Australia Considers Exporting Camel Meat

April 26, 2011

An Egyptian businessman wants to open a slaughterhouse in rural Southern Australia that could turn 100,000 camels a year into a lucrative, exotic meat option. Whereas so many of us see camels as humped, peaceful creatures, Magdy el Ashram and many other Australians see them as pests and potential protein sources.

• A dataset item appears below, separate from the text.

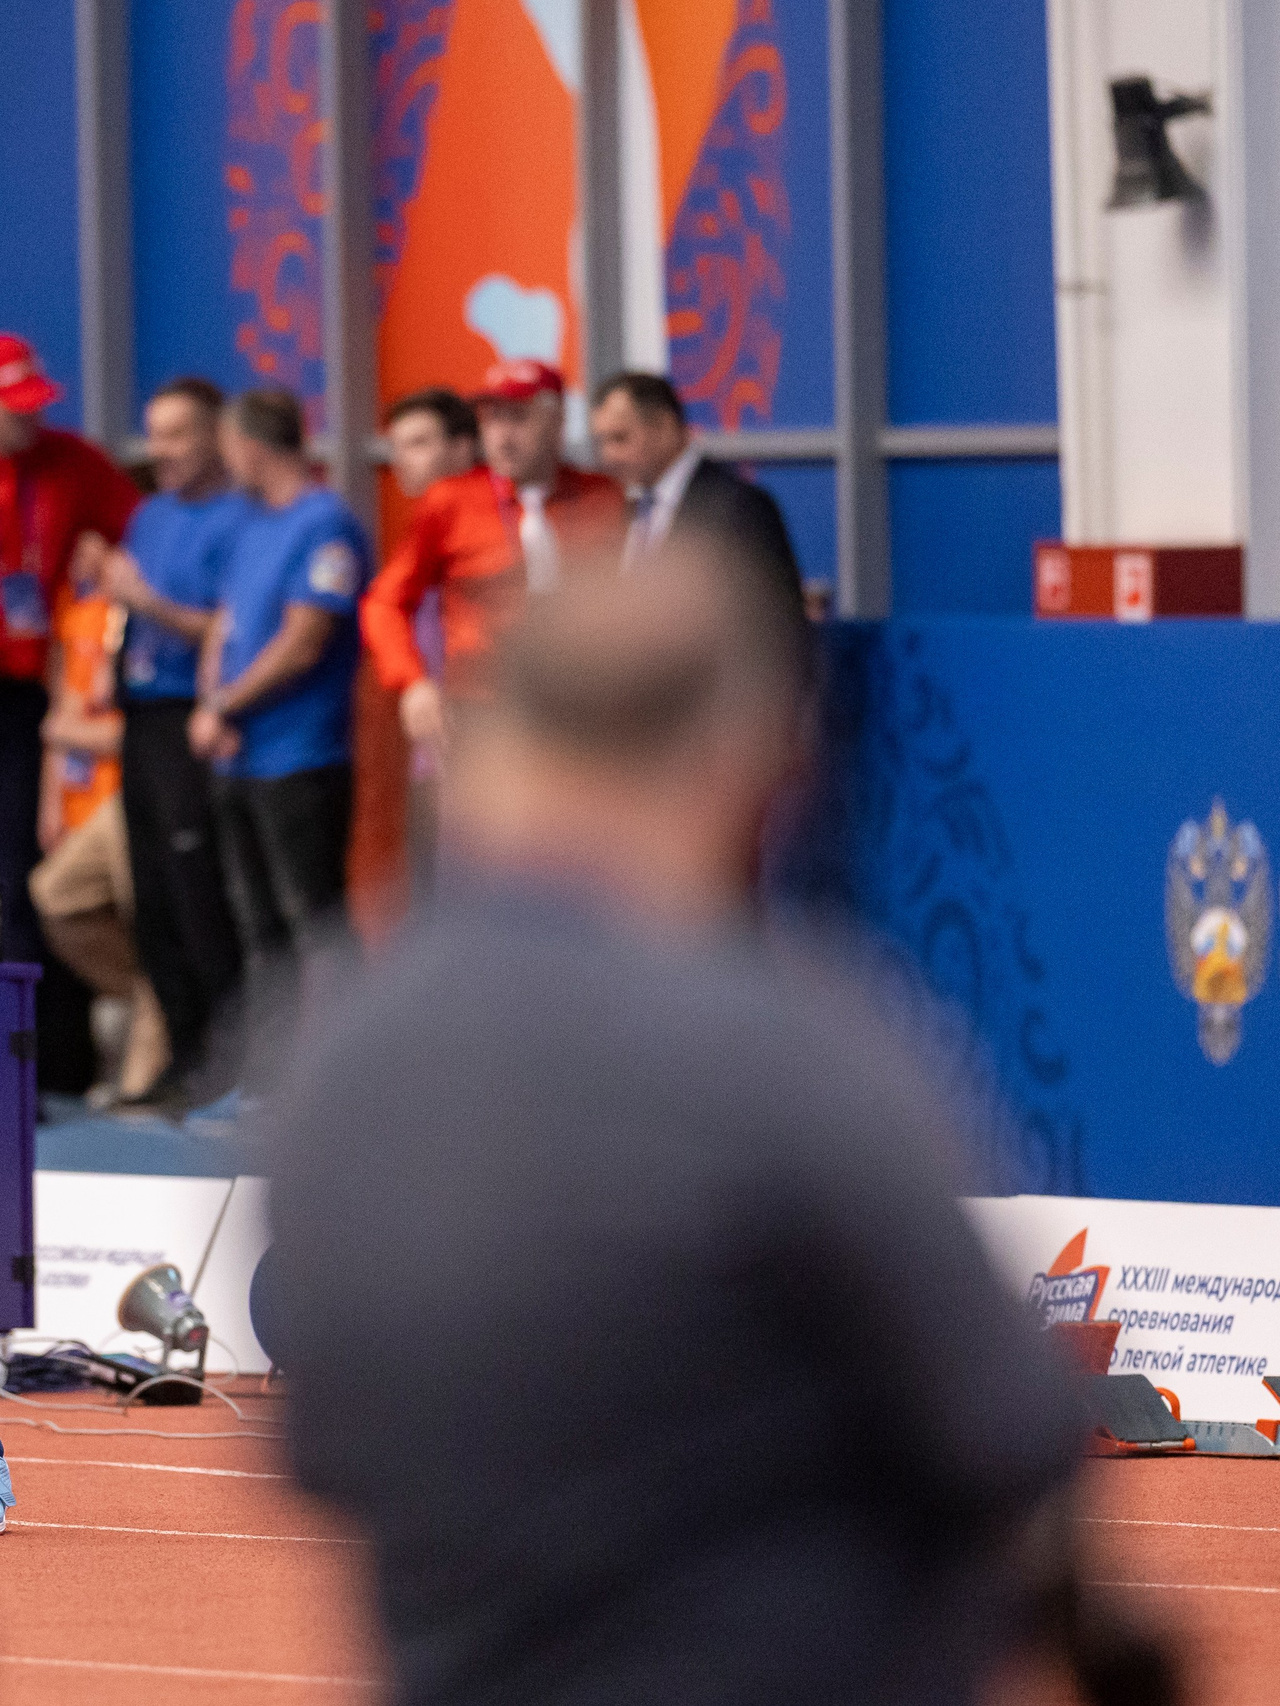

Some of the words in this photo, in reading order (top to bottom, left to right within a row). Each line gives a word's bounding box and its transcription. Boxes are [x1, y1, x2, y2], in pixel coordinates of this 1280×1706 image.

[1027, 1272, 1097, 1309] Русская
[1107, 1307, 1236, 1335] соревнования
[1120, 1345, 1185, 1372] легкой
[1186, 1353, 1269, 1377] атлетике

Camels first came to Australia from India as a source of transportation around 1840. At a certain point, some of the animals escaped or were released (the history books aren't particularly in agreement). With no natural predators, the feral camel population spiked by an average of 10 percent annually. There are currently well over 1 million camels in the Australian outback and the species can double its population in just 9 years.

Until now. If el Ashram has his way, a slaughterhouse would process the animals according to Muslim tradition and their meat would be exported to the Middle East. In that region, the animal's lean meat is prized as a food source. Many consider it far superior to beef.

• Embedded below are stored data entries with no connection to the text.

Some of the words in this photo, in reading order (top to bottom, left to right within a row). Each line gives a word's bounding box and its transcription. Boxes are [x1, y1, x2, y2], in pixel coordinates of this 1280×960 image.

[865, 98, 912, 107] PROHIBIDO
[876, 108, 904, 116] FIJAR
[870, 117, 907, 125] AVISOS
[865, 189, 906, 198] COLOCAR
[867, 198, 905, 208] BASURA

"Camel meat is much better than beef...it's the lesser fat than all the meat kingdom. If you put beef, mutton, kangaroo, emu, any meat, then camel meat will be the lesser fat than all of them," el Ashram told Reuters.

Many Middle Easterners consider Australian camel meat to be some of the best in the world. If el Ashram's plan goes forward, more than 14,000 tons of meat would be sent to the Middle East at a value of around $27 million. Currently, Australia only slaughters around 3,000 camels annually.

Would you eat camel meat? Do you think it will catch on in other parts of the world?